• **Exercise**:
Using the data below, copy every line that contains the word "words".

• **Exercise data**:
Start of Block

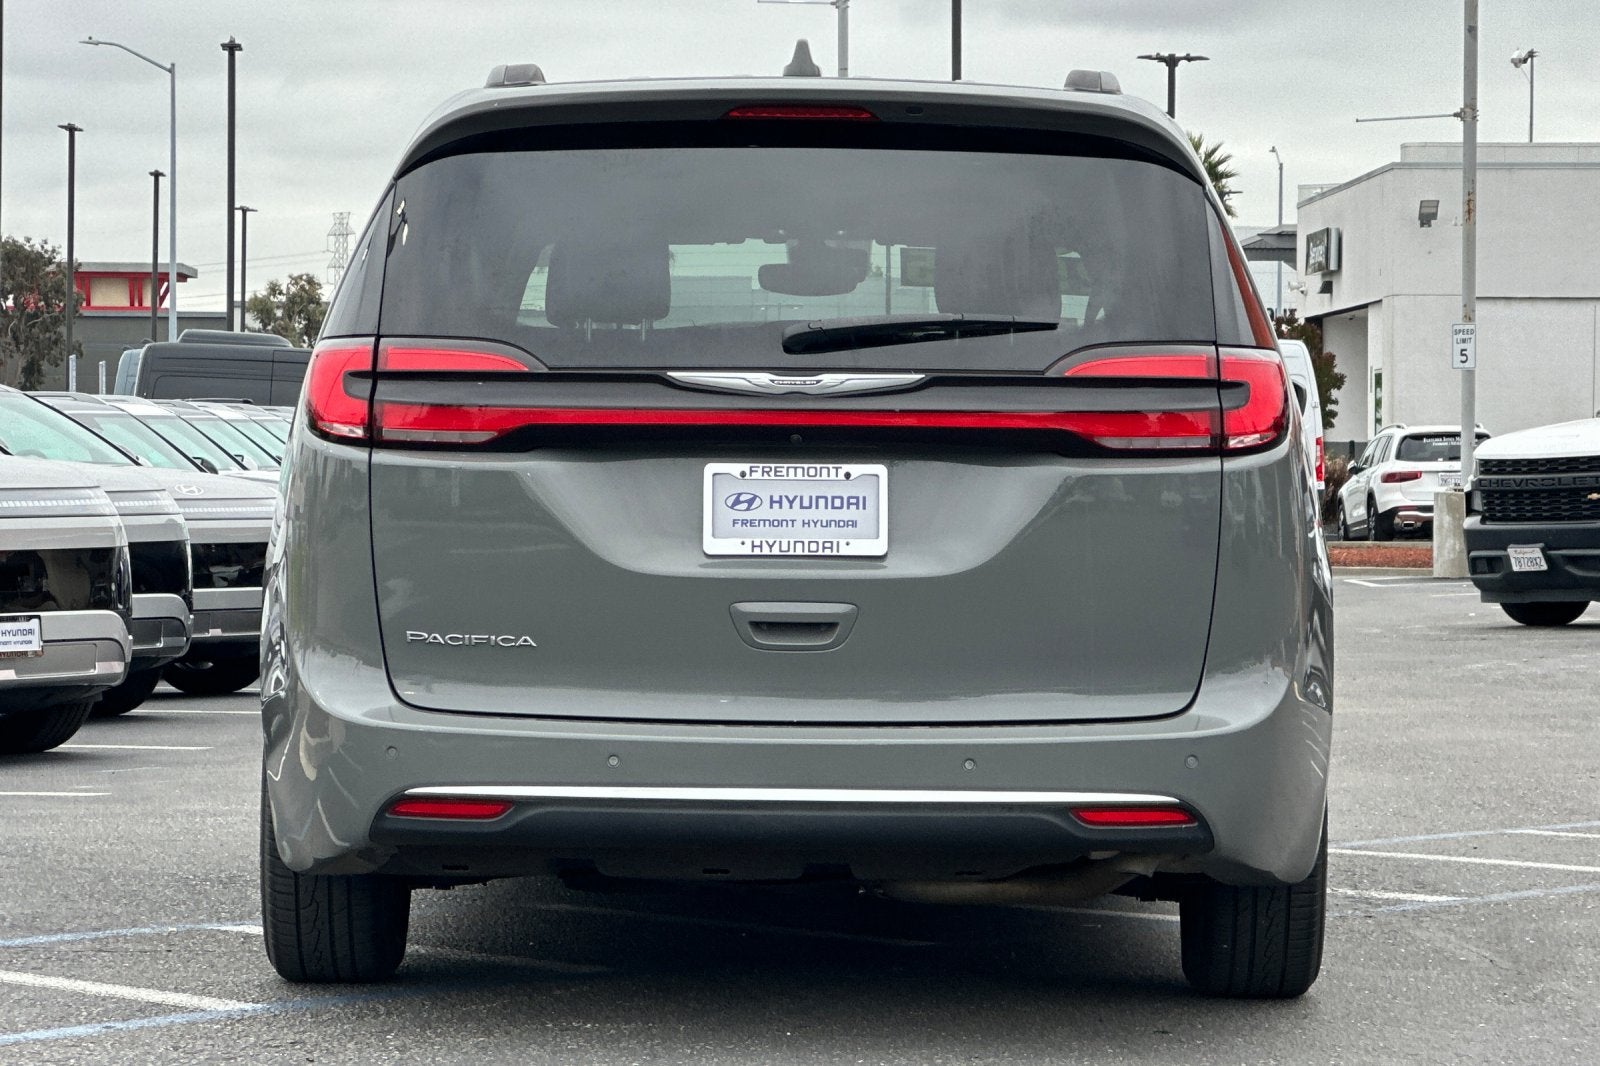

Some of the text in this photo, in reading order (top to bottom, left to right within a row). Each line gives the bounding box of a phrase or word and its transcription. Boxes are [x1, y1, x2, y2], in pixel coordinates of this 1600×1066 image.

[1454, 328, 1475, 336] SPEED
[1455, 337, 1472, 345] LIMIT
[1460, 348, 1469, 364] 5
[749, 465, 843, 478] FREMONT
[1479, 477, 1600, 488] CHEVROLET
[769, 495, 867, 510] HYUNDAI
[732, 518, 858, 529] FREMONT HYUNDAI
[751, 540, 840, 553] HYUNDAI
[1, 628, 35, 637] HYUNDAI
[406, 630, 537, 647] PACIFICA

End of Block
Start of Block

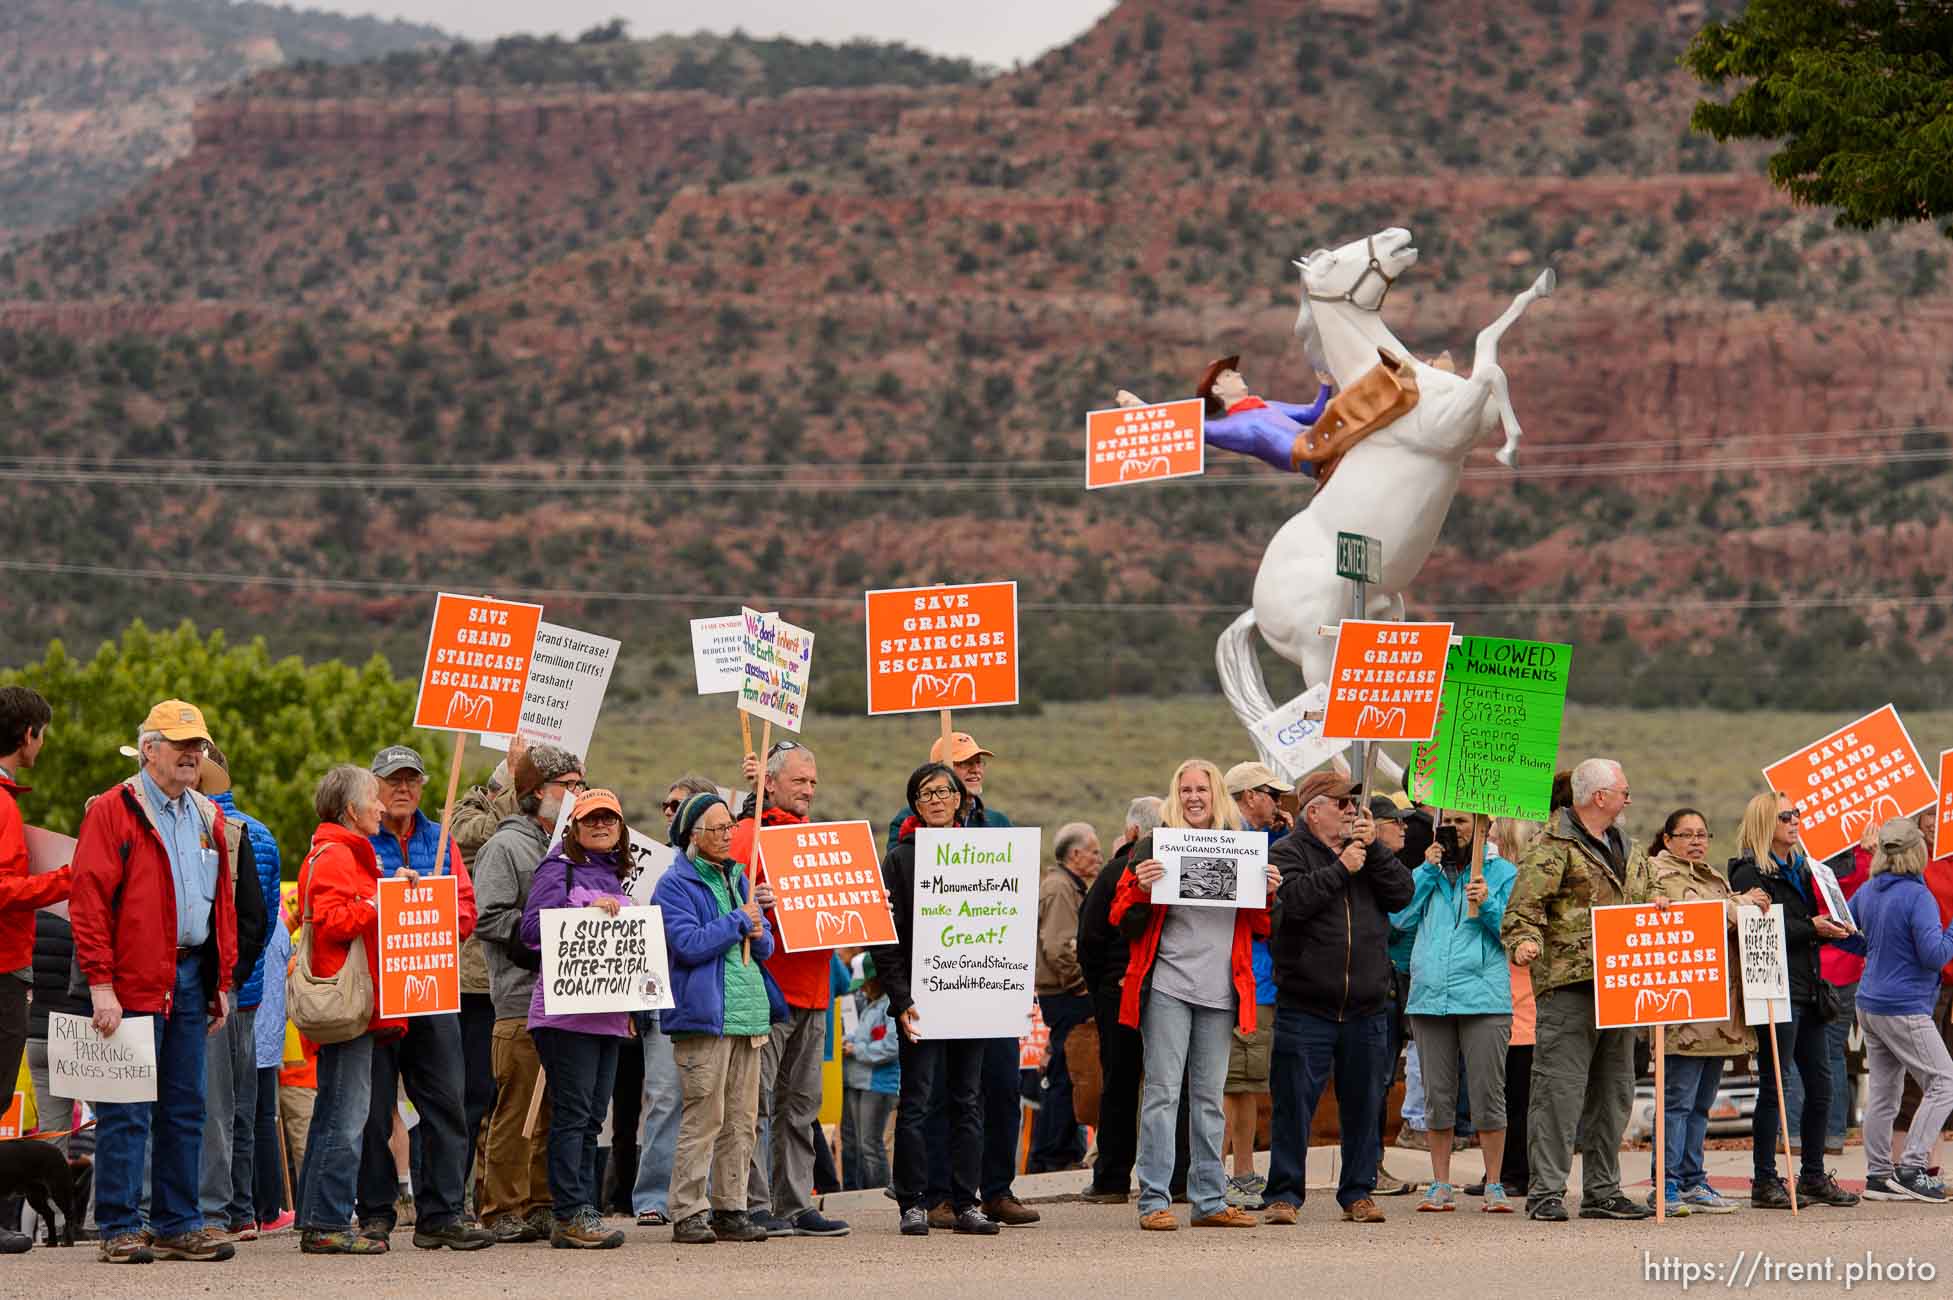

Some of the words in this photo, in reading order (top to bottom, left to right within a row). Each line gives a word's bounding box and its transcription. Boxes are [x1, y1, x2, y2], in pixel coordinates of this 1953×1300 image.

End of Block
Start of Block

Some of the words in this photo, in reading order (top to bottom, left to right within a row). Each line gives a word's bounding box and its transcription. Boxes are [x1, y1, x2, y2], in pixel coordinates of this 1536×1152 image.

End of Block

• **Your solution**:
Some of the words in this photo, in reading order (top to bottom, left to right within a row). Each line gives a word's bounding box and its transcription. Boxes are [x1, y1, x2, y2], in pixel coordinates of this 1953×1300 image.
Some of the words in this photo, in reading order (top to bottom, left to right within a row). Each line gives a word's bounding box and its transcription. Boxes are [x1, y1, x2, y2], in pixel coordinates of this 1536×1152 image.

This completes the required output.